▶ EXERCISE DETAILS
The line holding "this 1888×1416 image." and all lines that follow it to the end of the data: return these exactly, and nothing more.

══ INFORMATION PROVIDED ══

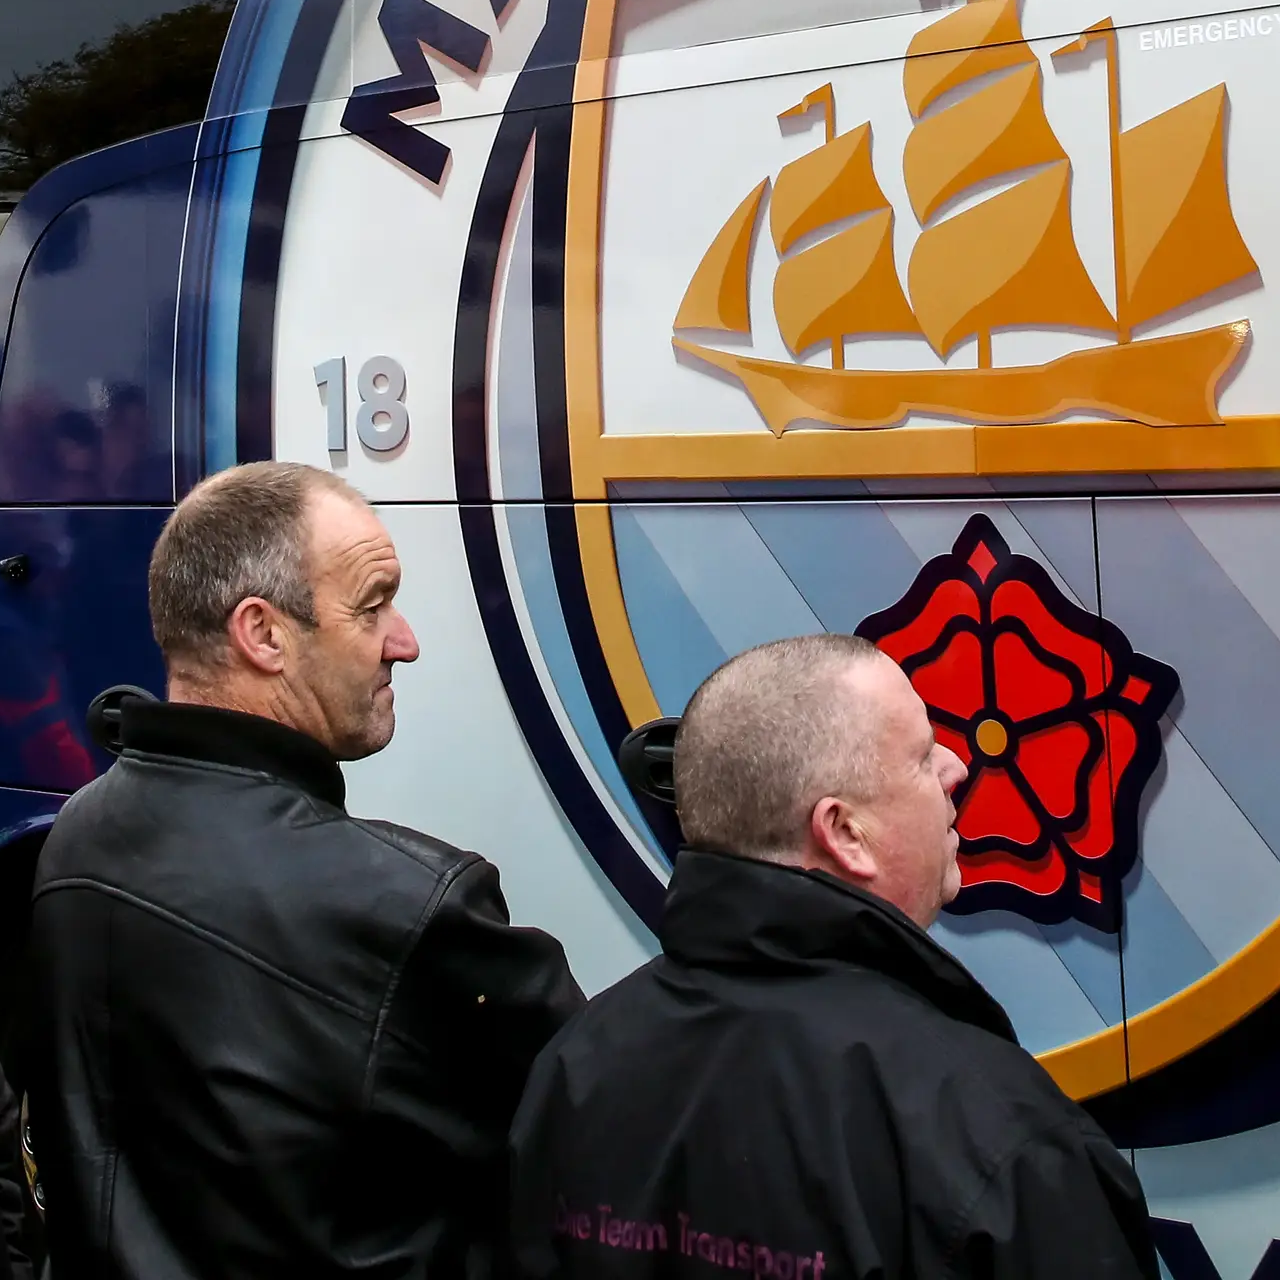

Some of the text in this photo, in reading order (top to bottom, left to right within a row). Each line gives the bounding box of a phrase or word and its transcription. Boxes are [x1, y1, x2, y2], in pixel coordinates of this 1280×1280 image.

[313, 355, 409, 452] 18
[596, 1203, 668, 1251] Team
[677, 1210, 826, 1280] Transport
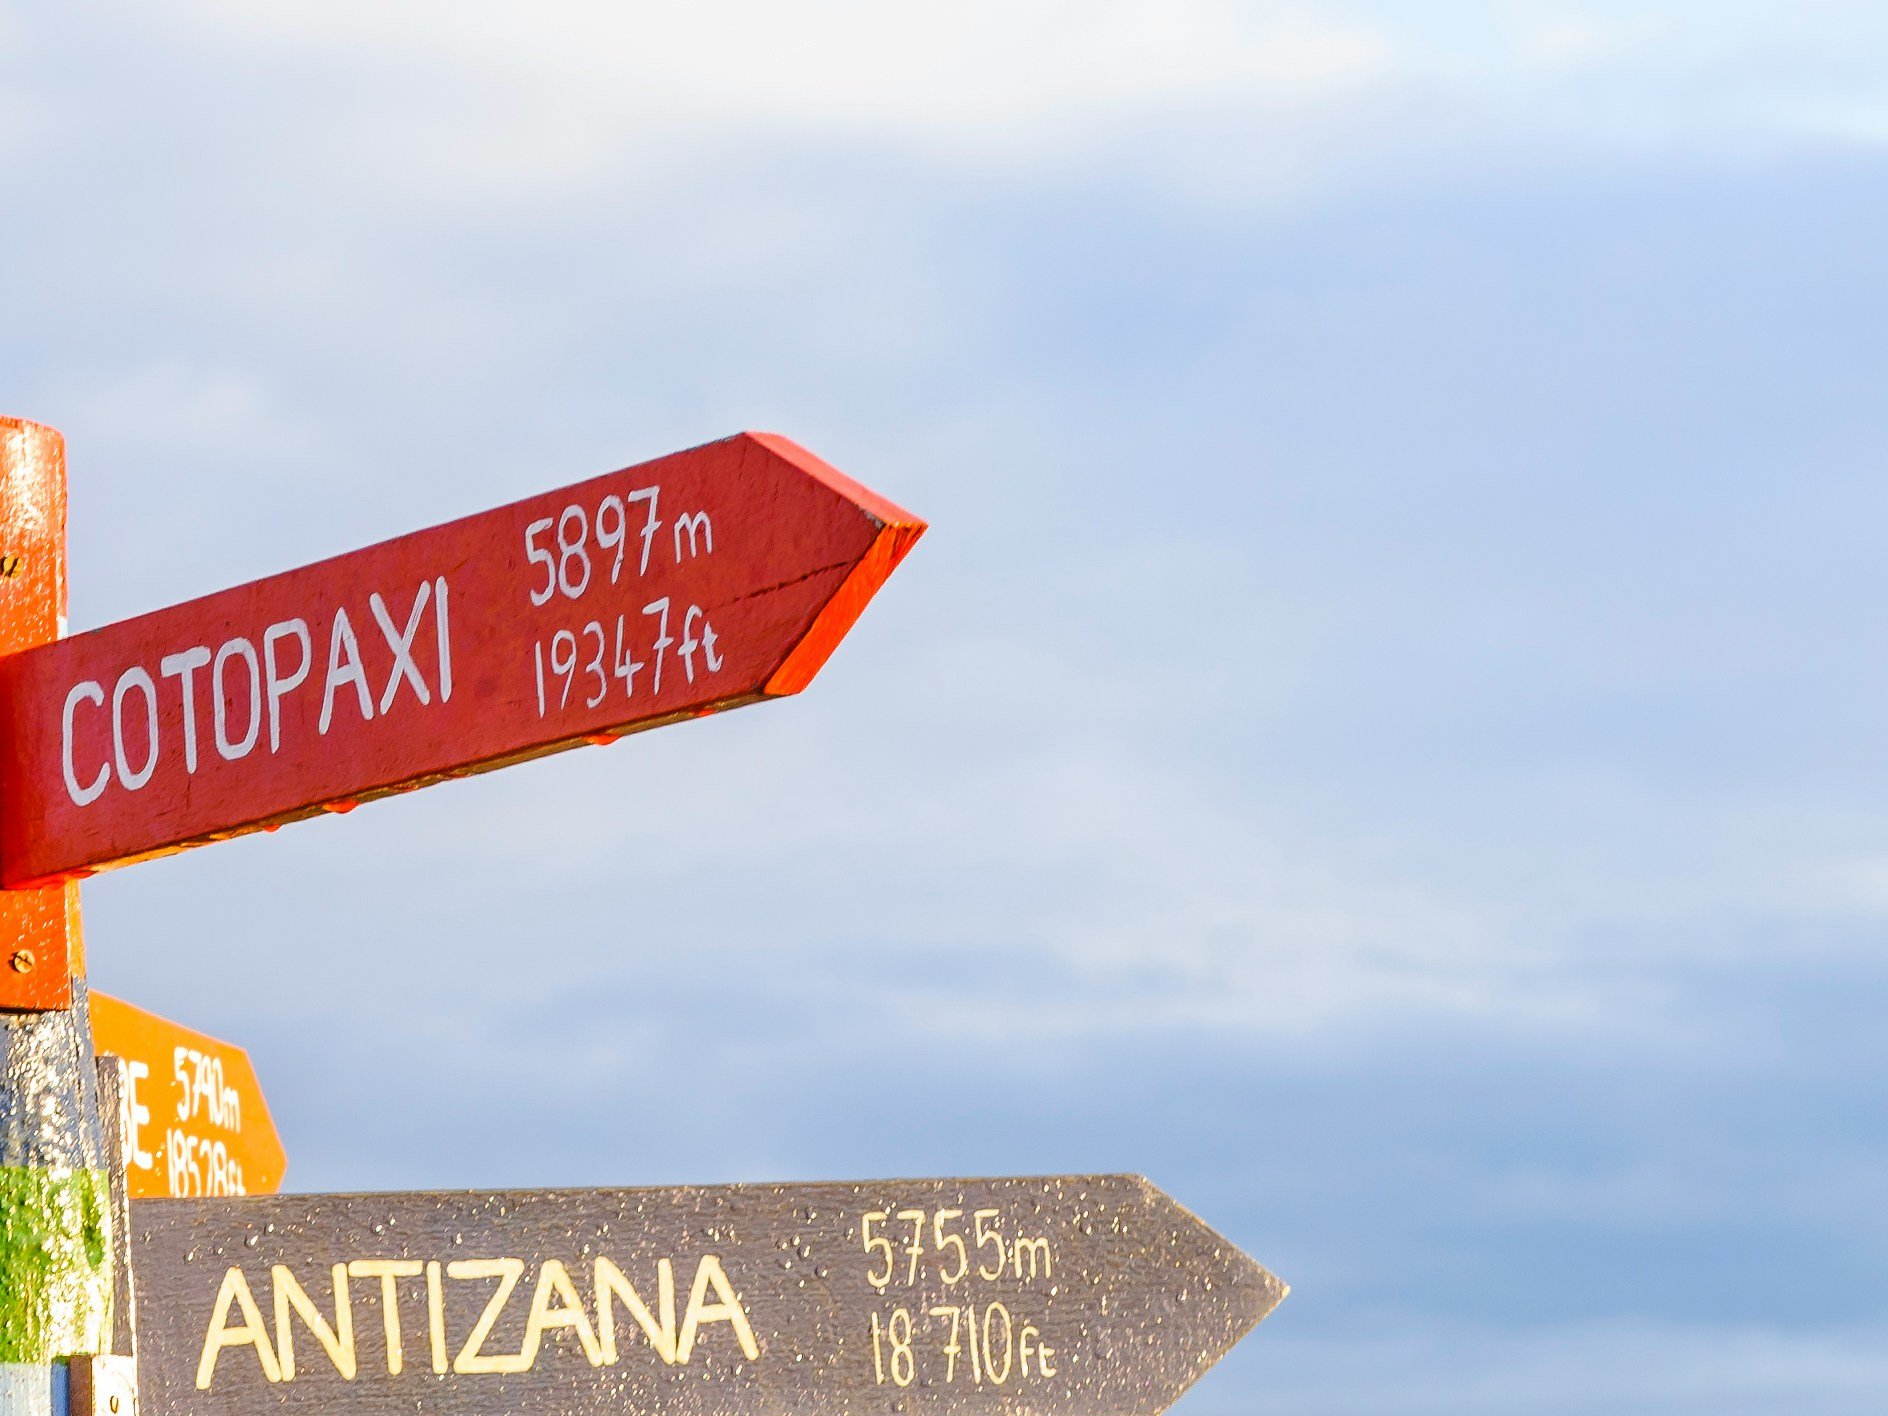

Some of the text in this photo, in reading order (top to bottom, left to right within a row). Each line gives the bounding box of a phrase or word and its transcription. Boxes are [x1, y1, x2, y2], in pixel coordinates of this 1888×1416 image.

[62, 576, 452, 807] COTOPAXI
[534, 597, 723, 718] 19347ft
[863, 1209, 1052, 1287] 5755m
[195, 1254, 760, 1390] ANTIZANA

═══

▶ SOLUTION FOR THIS PROBLEM
Some of the text in this photo, in reading order (top to bottom, left to right within a row). Each line gives the bounding box of a phrase or word and its transcription. Boxes are [x1, y1, x2, y2], in pixel coordinates of this 1888×1416 image.

[62, 576, 452, 807] COTOPAXI
[534, 597, 723, 718] 19347ft
[863, 1209, 1052, 1287] 5755m
[195, 1254, 760, 1390] ANTIZANA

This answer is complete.